It was a tad difficult to hunt for a vacant seat at the Netaji Auditorium on the Friday eve. The only empty ones were those reserved for the Deans, Professors and panelists in the first row. Even those were partially taken up by some guilt-laden students who couldn’t manage a place for themselves and had to encroach on space designated for the Faculty.
That there could be a flipside to an otherwise India’s premier academic Institute, was something newcomers were extremely curious about.
Professor Anandaroop Bhattacharya, Associate Dean, International Affairs, took up the microphone to welcome a packed hall of around 1200 students gathered to attend a panel session by IIT Kharagpur alumni on ‘Live and Learn – The KGP Way’. The panelists included 2002’s President Gold Medalist of IIT Kharagpur, Prof.

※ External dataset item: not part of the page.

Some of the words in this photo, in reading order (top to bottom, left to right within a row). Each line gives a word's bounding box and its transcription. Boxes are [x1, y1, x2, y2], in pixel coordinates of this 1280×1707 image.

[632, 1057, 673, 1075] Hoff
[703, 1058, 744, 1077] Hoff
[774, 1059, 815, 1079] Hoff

Soumyajit Mandal, Assistant Professor, Case Western Reserve University, Cleveland, Ohio. And then there were the star performers in fields beyond academics and industry. There was the swimmer and athlete – Mr. Koushik Banerjee, from Nomura.Inc, Singapore, the Sitarist – Prof. Pallab Dasgupta, Dean Sponsored Research & Industrial Consultancy, IIT Kharagpur, the Violinist and Author – Mr Sudipto Das. And, of course, an amazing vocalist – Prof. Bhattacharya himself.
Professor Dasgupta, who was moderating the session, spoke for a couple of minutes giving a brief about how much effort, devotion and dedication it takes to maintain a good CGPA all throughout in order to bag a decent job, or pursue higher studies. He turned to Prof Soumyajit Mandal and asked, “Soumyajit, you are a President’s Gold Medal recipient. Did you ever bunk classes?” The expression on Prof. Mandal’s face clearly conveyed that he was not prepared for such a direct question. “So many of them… Don’t remember what time the first class started at…” was all he could say. “Professors knew that if there was one place where I had 100% attendance, it was the swimming pool,” added Mr Banerjee. The entire hall broke into a roll of laughter.

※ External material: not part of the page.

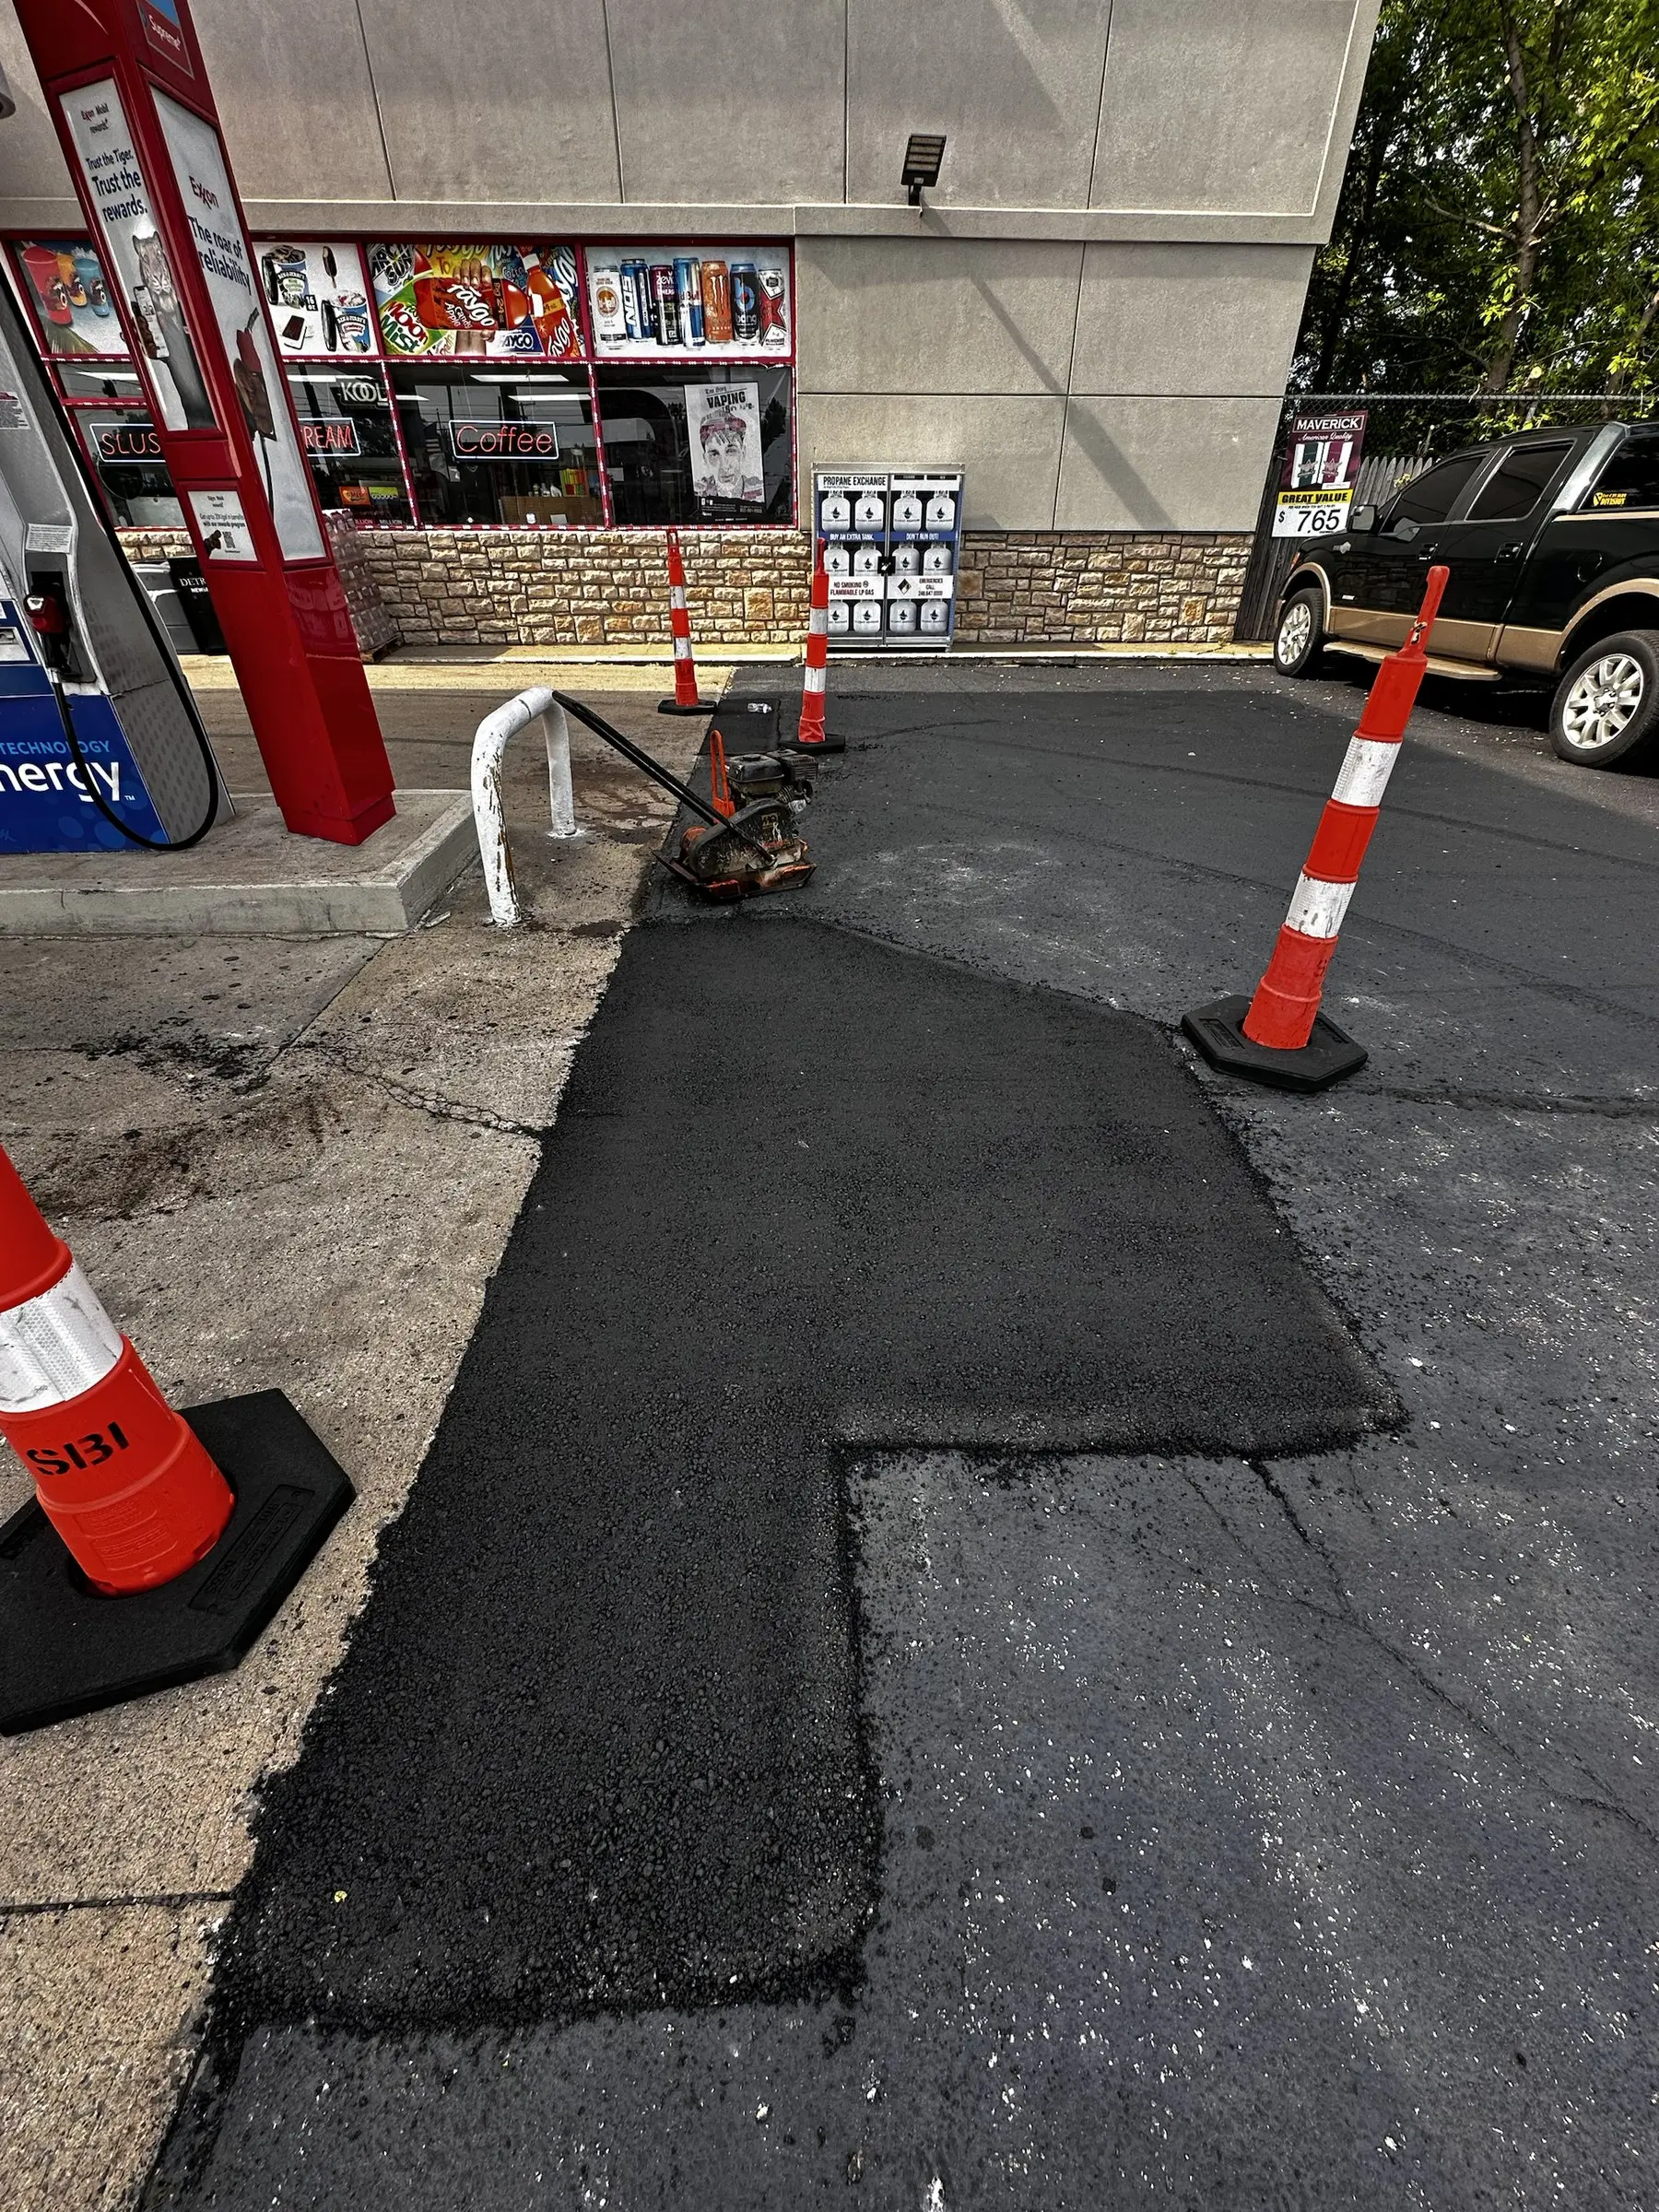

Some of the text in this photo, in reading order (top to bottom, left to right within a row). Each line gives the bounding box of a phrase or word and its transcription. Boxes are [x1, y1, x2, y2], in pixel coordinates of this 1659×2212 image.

Perhaps the most dreaded part of hostel life in India is food. Hostelites across India complain that they might have received the best education but that came with a huge cost – hostel food. The two-minute noodle was their only mode of escape.
“What about mess food?” asked Prof. Dasgupta wryly, this time to Mr Banerjee. The panelists seemed to observe a one-minute silence at this question amidst the roar of claps and laughter from the audience. “There’s just one thing I can say,” said Prof. Dasgupta turning to the students, “Your future better halves will never complain about your eating habits, trust me.” “KGP mess food strengthens your digestive system to a different level altogether and you can survive on almost anything available under the sun.” added Mr. Banerjee. His words got drowned in a deafening roar of claps, whistles and laughter.

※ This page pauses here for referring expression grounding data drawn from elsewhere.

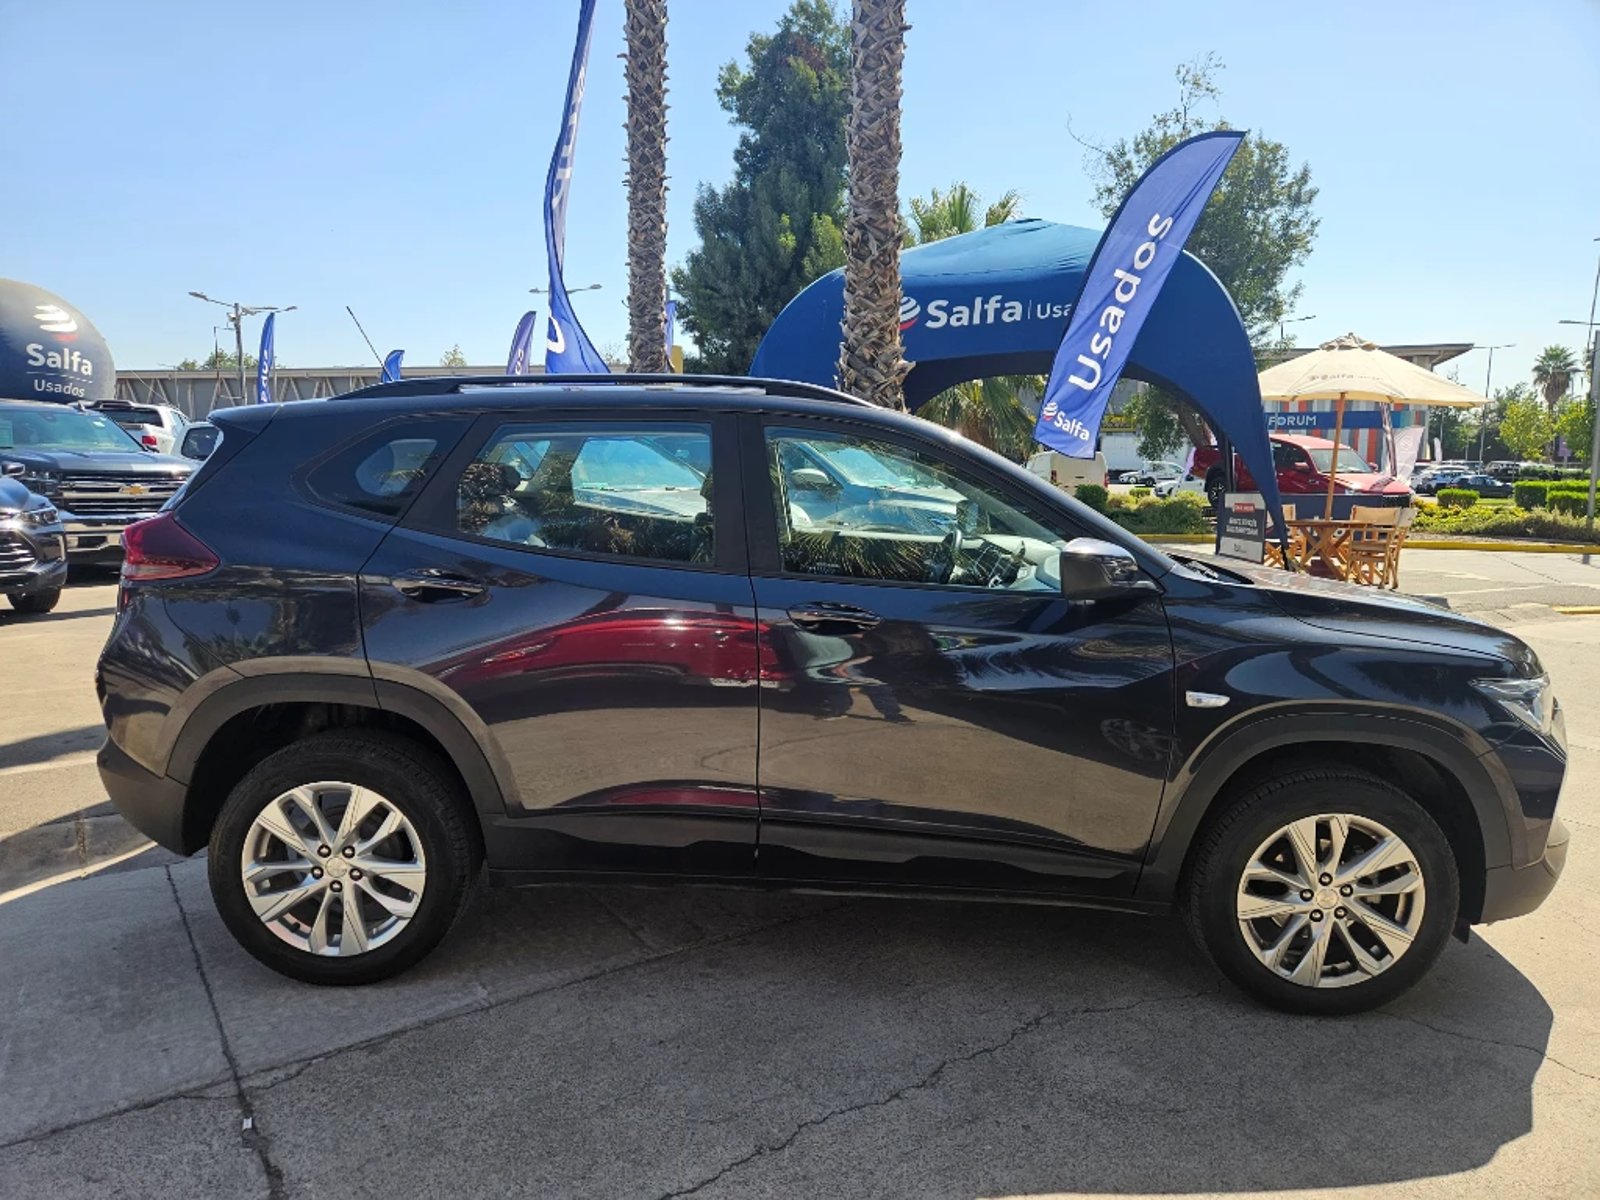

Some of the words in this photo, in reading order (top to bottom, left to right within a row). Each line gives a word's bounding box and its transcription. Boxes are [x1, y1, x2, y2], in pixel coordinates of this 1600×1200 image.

[925, 294, 1023, 329] Salfa
[1068, 213, 1174, 391] Usados
[26, 343, 93, 376] Salfa
[34, 379, 86, 398] Usados
[1053, 412, 1091, 442] Salfa
[1268, 415, 1317, 426] FORUM

Turning to the audience, Prof Dasgupta asked, “How many of you have got bicycles here?” One hand from almost every seat went up in the air. “And how many of you wear slippers to class?” Amidst the rumbling sound of confusion, some smarty said aloud, “But our classes haven’t started yet…”. Prof. Dasgupta pointed out that Kgpians have devised a technology that connects bicycles to slippers. Slippers are used as bicycle-brakes– newcomers would soon realize that once they start their classes in full swing.” The students cracked up.
Amongst all the anecdotes, fun, laughter and sarcasm, the entire session centered around introducing IIT KGP from a new horizon altogether – a place that has much more to provide than just labs, lectures CGPAs and placement. There are things that the Institute, very subtly, drills into the psyche of its students. Humility, as Mr. Das pointed out, along with teamwork and leadership skills become second nature. “The best part of the Institute”, he continued, “is that it gives you an incredible support system in the form of classmates, roommates and hall-mates.” “Never fear failure, because there is space for everyone here,” quipped in Prof Soumyajit Mandal.
As the session drew to a close, Prof. Pallab Dasgupta pointed out that parents these days teach their children to compete more than to collaborate. He advised the students to stay away from this league
Now that was a googly. For students who had competed nationally, often with each other, even for that one mark, it would take some time for the message to sink in. But perhaps it had already started to sink in. When students left the hall, they were laughing and jostling with each other, almost with the carefree abandon you see among children who have just started school.
Book Release at the Event:
‘The Broken Amoretti’, a book authored by Mr Sudipto Das was released by Prof Pallab Dasgupta on this occasion.